■ What to produce
Please reproduce the records exactly, leaving out any pictures.
━━━ Given entries ━━━
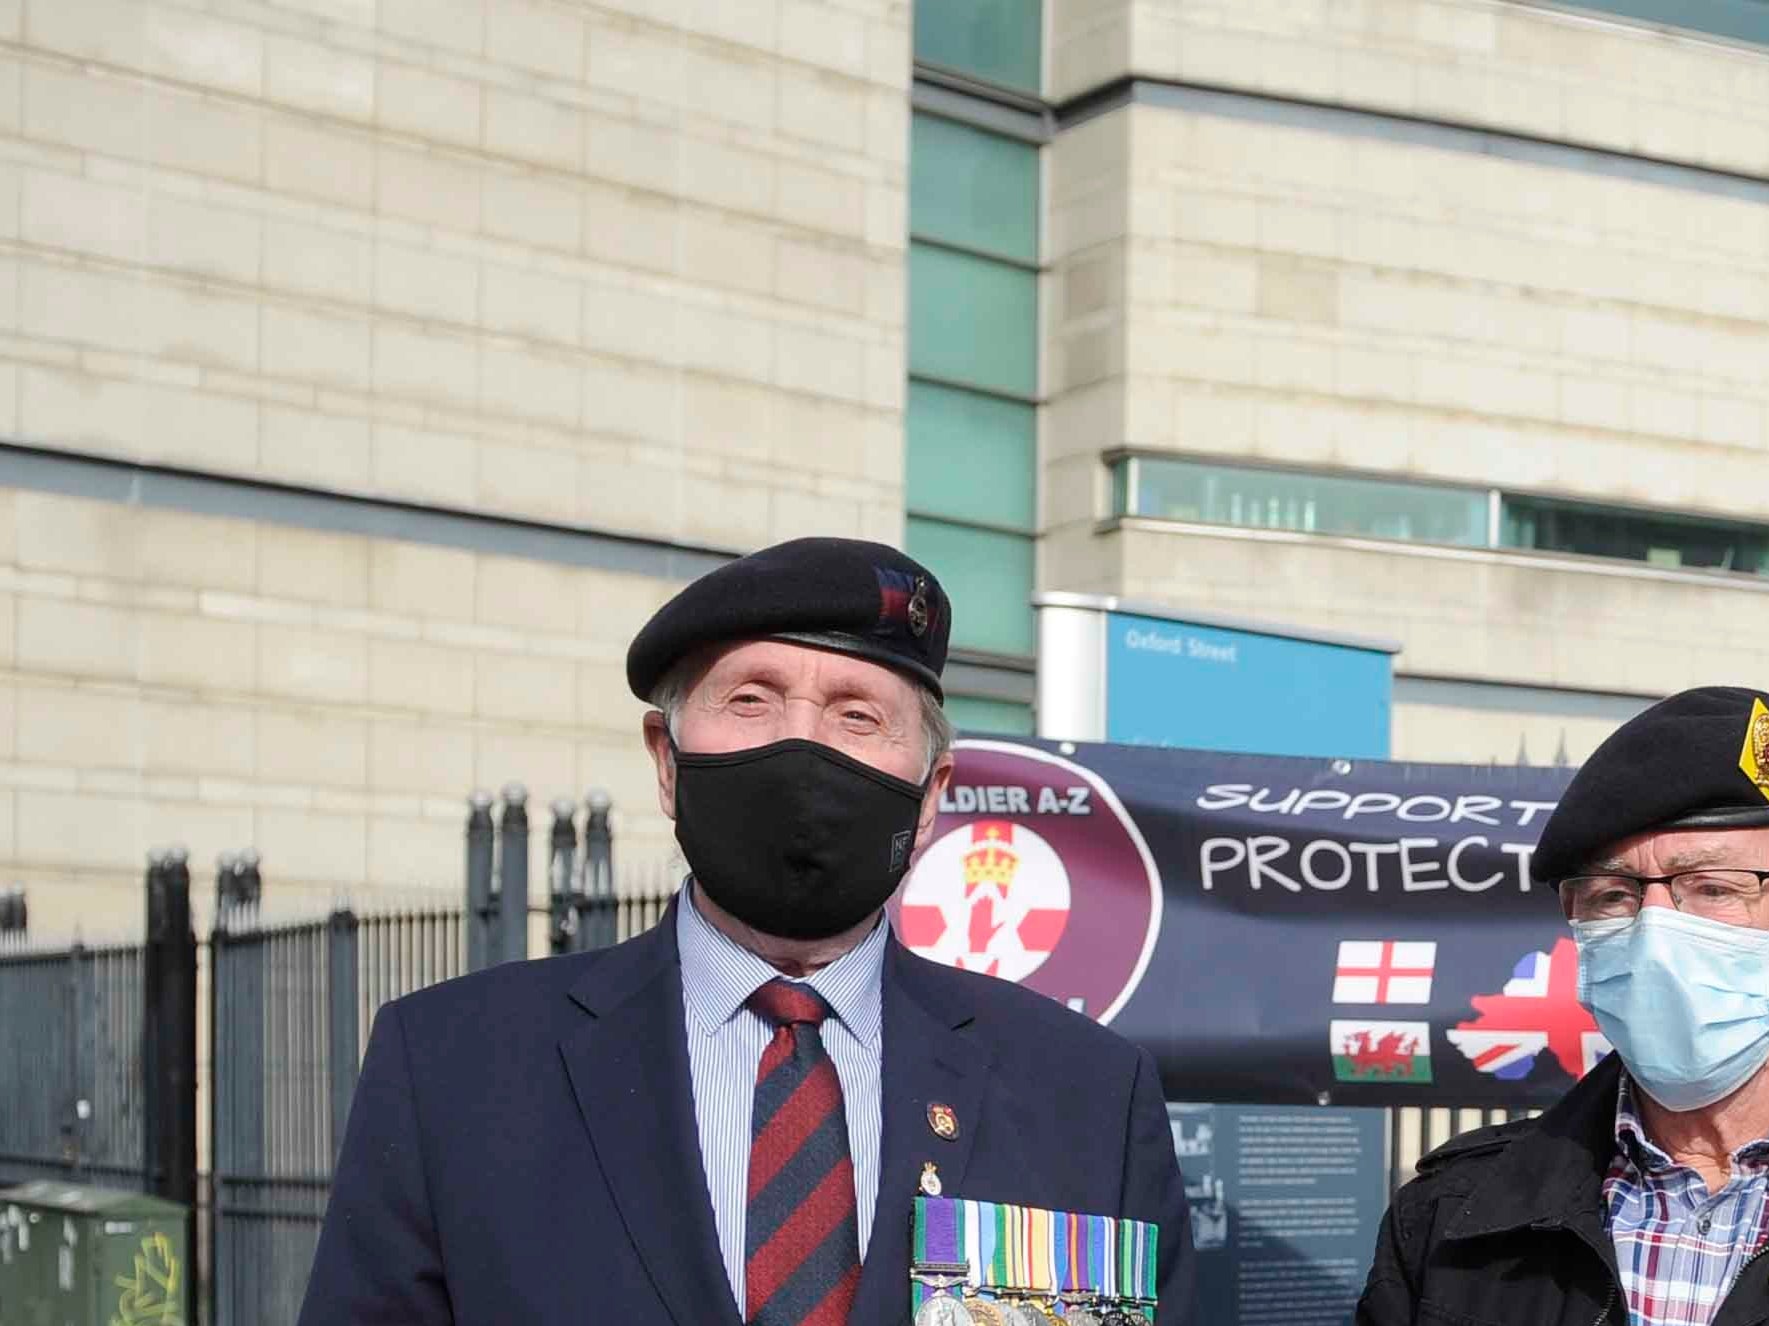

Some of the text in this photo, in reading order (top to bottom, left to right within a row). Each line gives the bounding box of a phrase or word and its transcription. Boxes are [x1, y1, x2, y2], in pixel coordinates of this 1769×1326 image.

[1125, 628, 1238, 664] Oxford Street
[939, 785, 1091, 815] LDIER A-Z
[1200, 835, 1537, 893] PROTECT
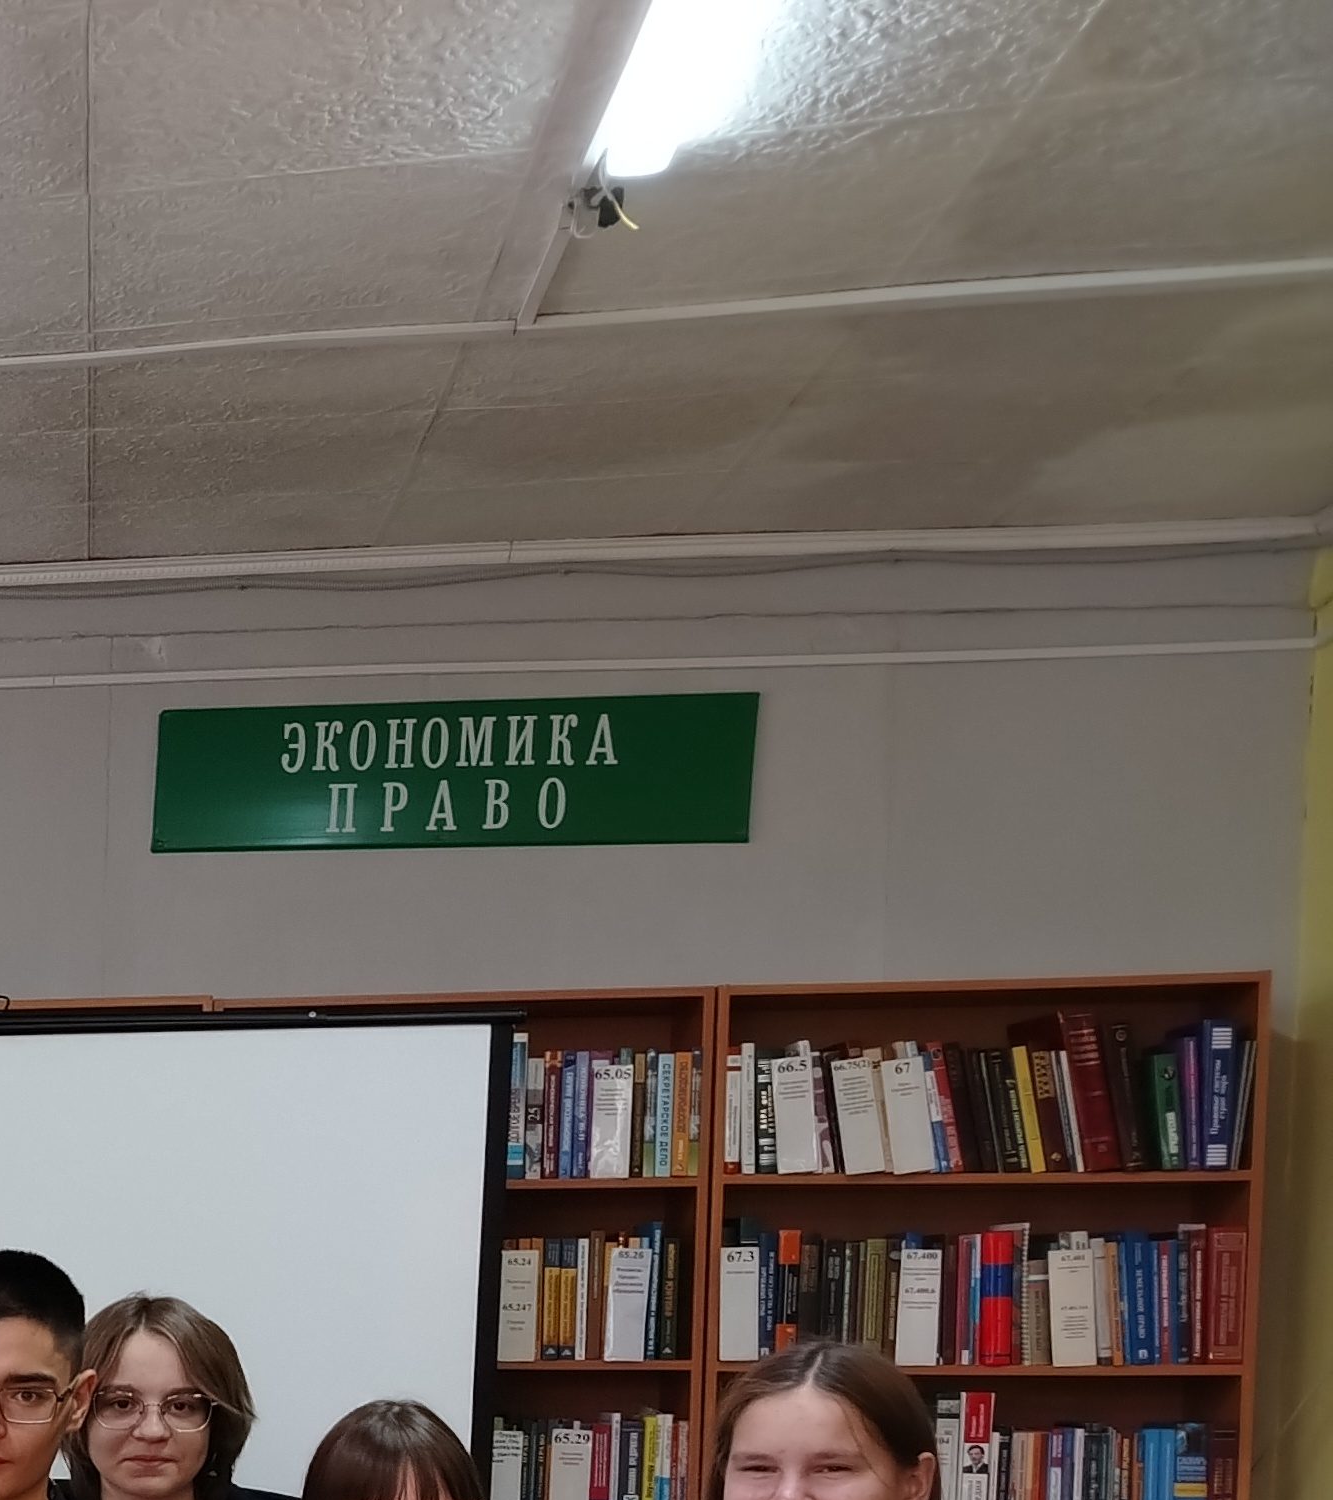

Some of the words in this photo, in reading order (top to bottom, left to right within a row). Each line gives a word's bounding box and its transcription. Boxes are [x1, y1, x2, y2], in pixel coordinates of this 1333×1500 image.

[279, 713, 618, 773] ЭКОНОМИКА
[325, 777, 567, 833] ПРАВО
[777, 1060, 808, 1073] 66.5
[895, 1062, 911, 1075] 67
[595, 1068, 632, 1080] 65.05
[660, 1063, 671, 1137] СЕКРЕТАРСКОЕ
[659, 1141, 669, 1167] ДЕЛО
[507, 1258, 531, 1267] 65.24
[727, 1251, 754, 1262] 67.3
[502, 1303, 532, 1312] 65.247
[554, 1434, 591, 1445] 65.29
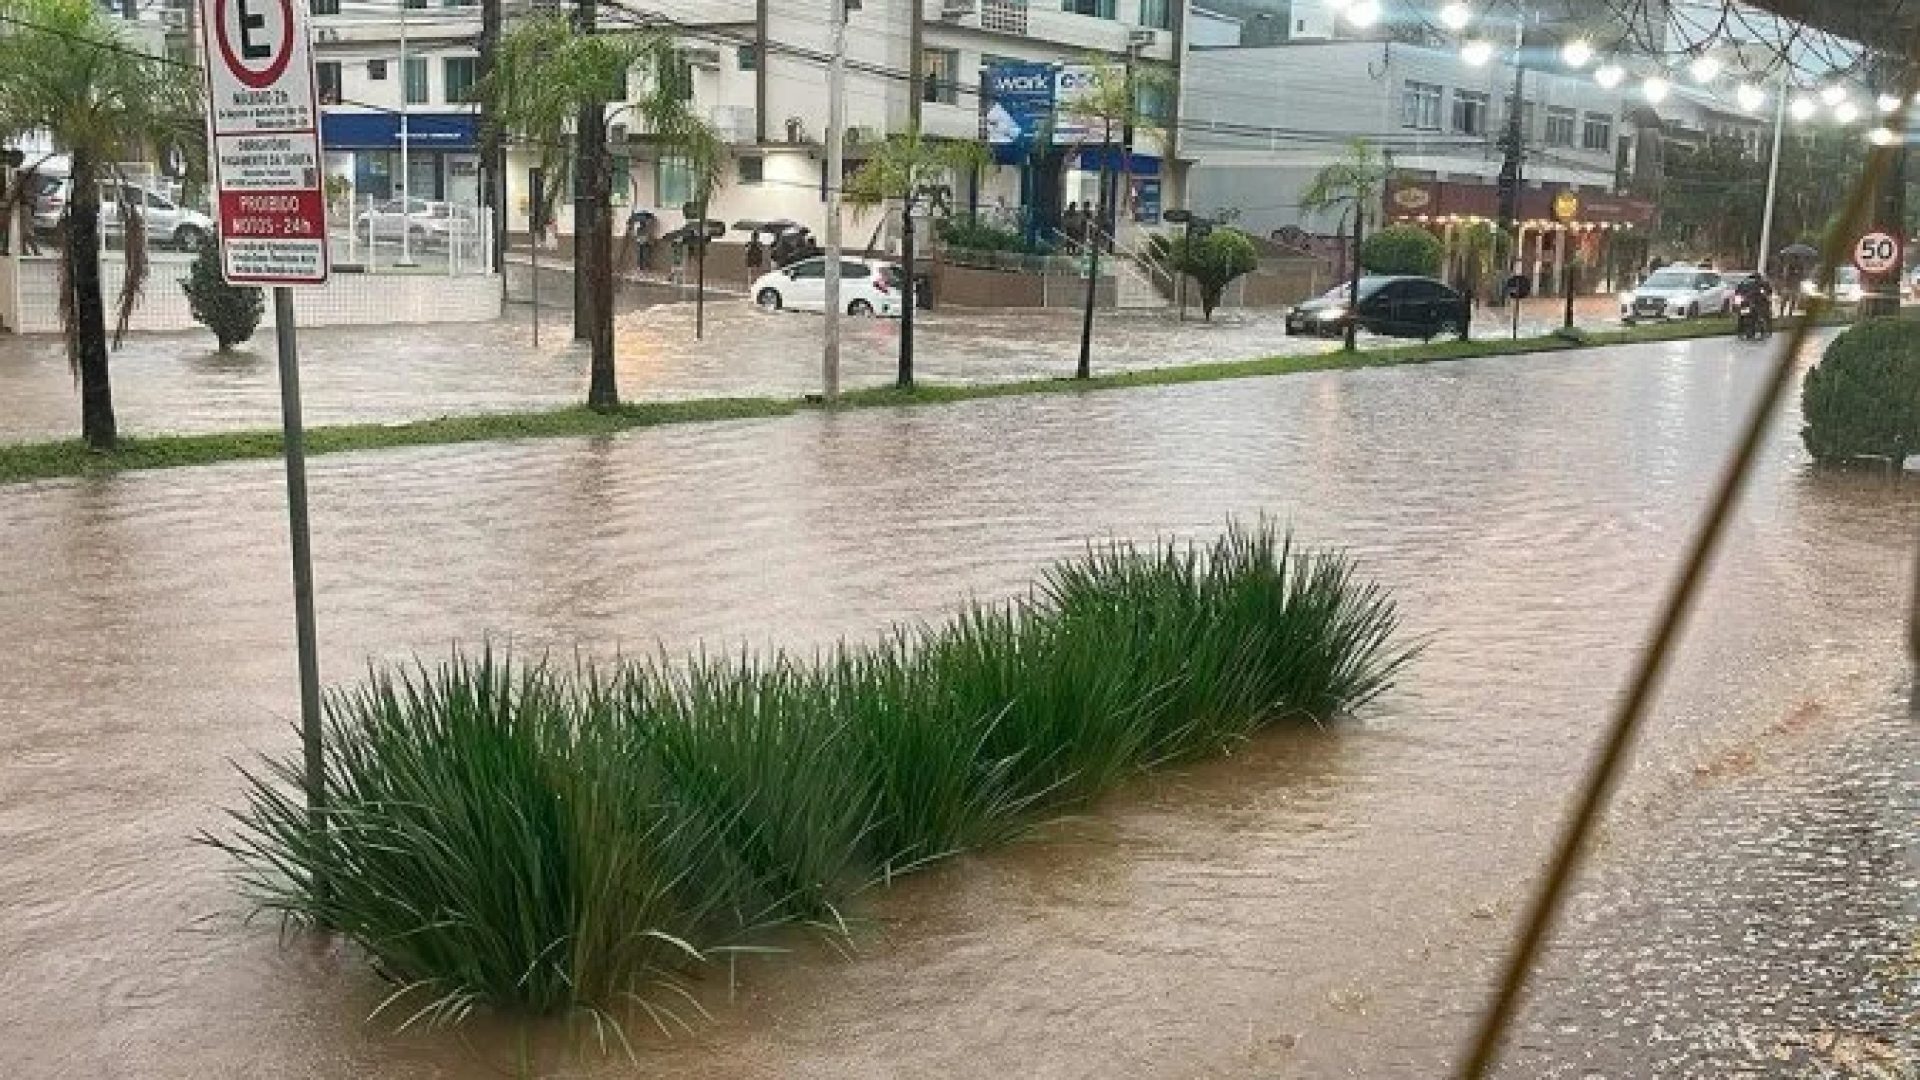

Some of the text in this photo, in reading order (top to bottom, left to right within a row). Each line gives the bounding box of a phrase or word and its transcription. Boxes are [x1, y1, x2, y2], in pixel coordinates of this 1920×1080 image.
━━━
■ Solved exercise
Some of the text in this photo, in reading order (top to bottom, left to right within a row). Each line gives the bounding box of a phrase or word and its transcription. Boxes are [x1, y1, x2, y2], in pixel coordinates of this 1769×1326 image.

[1125, 628, 1238, 664] Oxford Street
[939, 785, 1091, 815] LDIER A-Z
[1200, 835, 1537, 893] PROTECT

Some of the words in this photo, in reading order (top to bottom, left to right within a row). Each line gives a word's bounding box and its transcription. Boxes are [x1, y1, x2, y2], in pixel coordinates of this 1333×1500 image.

[279, 713, 618, 773] ЭКОНОМИКА
[325, 777, 567, 833] ПРАВО
[777, 1060, 808, 1073] 66.5
[895, 1062, 911, 1075] 67
[595, 1068, 632, 1080] 65.05
[660, 1063, 671, 1137] СЕКРЕТАРСКОЕ
[659, 1141, 669, 1167] ДЕЛО
[507, 1258, 531, 1267] 65.24
[727, 1251, 754, 1262] 67.3
[502, 1303, 532, 1312] 65.247
[554, 1434, 591, 1445] 65.29

Some of the text in this photo, in reading order (top to bottom, left to right within a row). Each line gives the bounding box of a phrase or word and its transcription. Boxes are [x1, y1, x2, y2], in pixel coordinates of this 1920×1080 image.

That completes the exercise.